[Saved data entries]
::::::::::
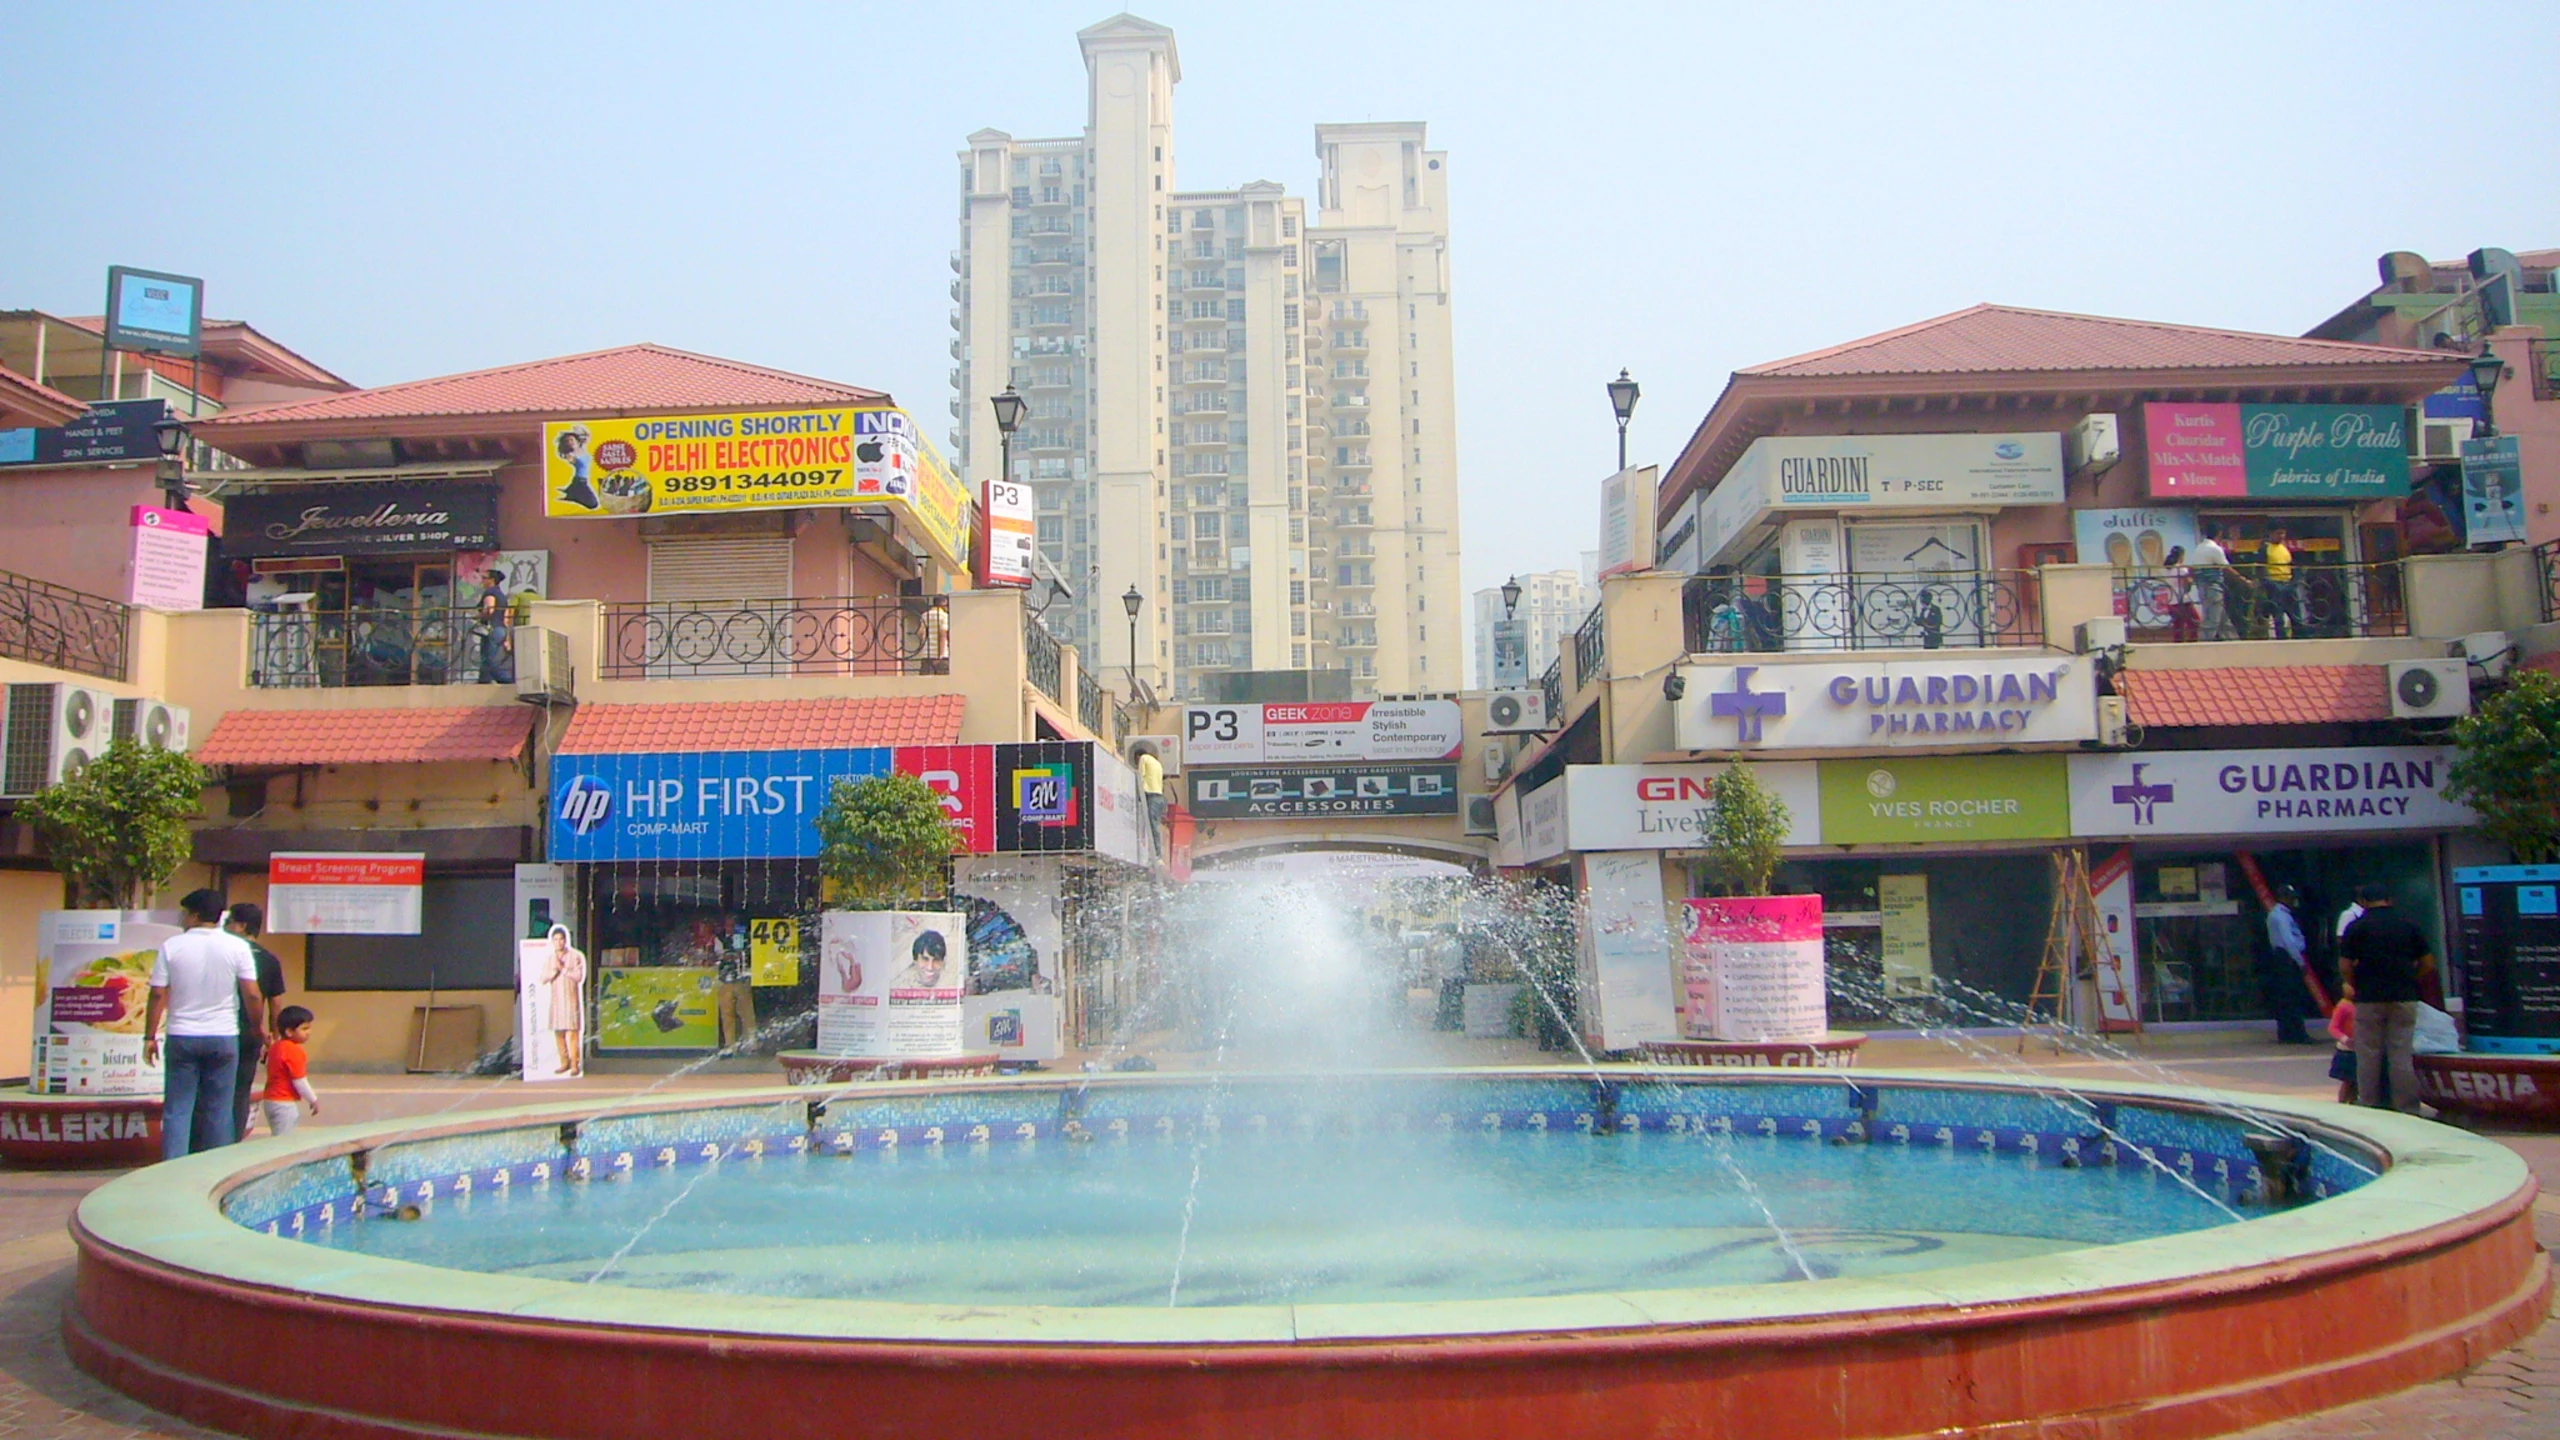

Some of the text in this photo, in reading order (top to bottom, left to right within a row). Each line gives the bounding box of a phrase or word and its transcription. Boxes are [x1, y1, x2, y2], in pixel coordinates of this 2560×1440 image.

[635, 414, 841, 440] OPENING SHORTLY
[2174, 413, 2216, 427] Kurtis
[65, 428, 95, 437] HANDS
[2246, 412, 2400, 460] Purple Petals
[63, 446, 125, 457] SKIN SERVICES
[649, 436, 851, 473] DELHI ELECTRONICS
[2154, 452, 2241, 467] Mix-N-Match
[665, 469, 843, 492] 9891344097
[1781, 456, 1870, 494] GUARDINI
[2182, 472, 2217, 486] More
[2270, 468, 2386, 487] fabrics of India
[993, 484, 1019, 505] P3
[266, 503, 449, 540] Jewelleria
[420, 532, 450, 542] SHOP
[1828, 672, 2057, 706] GUARDIAN
[1266, 706, 1351, 720] GEEK zone
[1372, 707, 1426, 718] Irresistible
[1188, 710, 1239, 742] P3
[1372, 720, 1407, 731] Stylish
[1870, 710, 2032, 734] PHARMACY
[1188, 742, 1255, 751] paper print pens
[1372, 733, 1447, 743] Contemporary
[2219, 760, 2434, 793] GUARDIAN
[560, 775, 611, 836] hp
[626, 775, 814, 818] HP FIRST
[1249, 800, 1395, 813] ACCESSORIES
[1869, 799, 2018, 817] YVES ROCHER
[2258, 796, 2409, 818] PHARMACY
[1021, 814, 1067, 823] COMP-MART
[626, 821, 709, 836] COMP-MART
[278, 862, 416, 876] Breast Screening Program
[752, 921, 790, 946] 40
::::::::::
__Directions__: Output every entry verbatim but skip the pictures.

__Answer section__:
Some of the text in this photo, in reading order (top to bottom, left to right within a row). Each line gives the bounding box of a phrase or word and its transcription. Boxes are [x1, y1, x2, y2], in pixel coordinates of this 2560×1440 image.

[635, 414, 841, 440] OPENING SHORTLY
[2174, 413, 2216, 427] Kurtis
[65, 428, 95, 437] HANDS
[2246, 412, 2400, 460] Purple Petals
[63, 446, 125, 457] SKIN SERVICES
[649, 436, 851, 473] DELHI ELECTRONICS
[2154, 452, 2241, 467] Mix-N-Match
[665, 469, 843, 492] 9891344097
[1781, 456, 1870, 494] GUARDINI
[2182, 472, 2217, 486] More
[2270, 468, 2386, 487] fabrics of India
[993, 484, 1019, 505] P3
[266, 503, 449, 540] Jewelleria
[420, 532, 450, 542] SHOP
[1828, 672, 2057, 706] GUARDIAN
[1266, 706, 1351, 720] GEEK zone
[1372, 707, 1426, 718] Irresistible
[1188, 710, 1239, 742] P3
[1372, 720, 1407, 731] Stylish
[1870, 710, 2032, 734] PHARMACY
[1188, 742, 1255, 751] paper print pens
[1372, 733, 1447, 743] Contemporary
[2219, 760, 2434, 793] GUARDIAN
[560, 775, 611, 836] hp
[626, 775, 814, 818] HP FIRST
[1249, 800, 1395, 813] ACCESSORIES
[1869, 799, 2018, 817] YVES ROCHER
[2258, 796, 2409, 818] PHARMACY
[1021, 814, 1067, 823] COMP-MART
[626, 821, 709, 836] COMP-MART
[278, 862, 416, 876] Breast Screening Program
[752, 921, 790, 946] 40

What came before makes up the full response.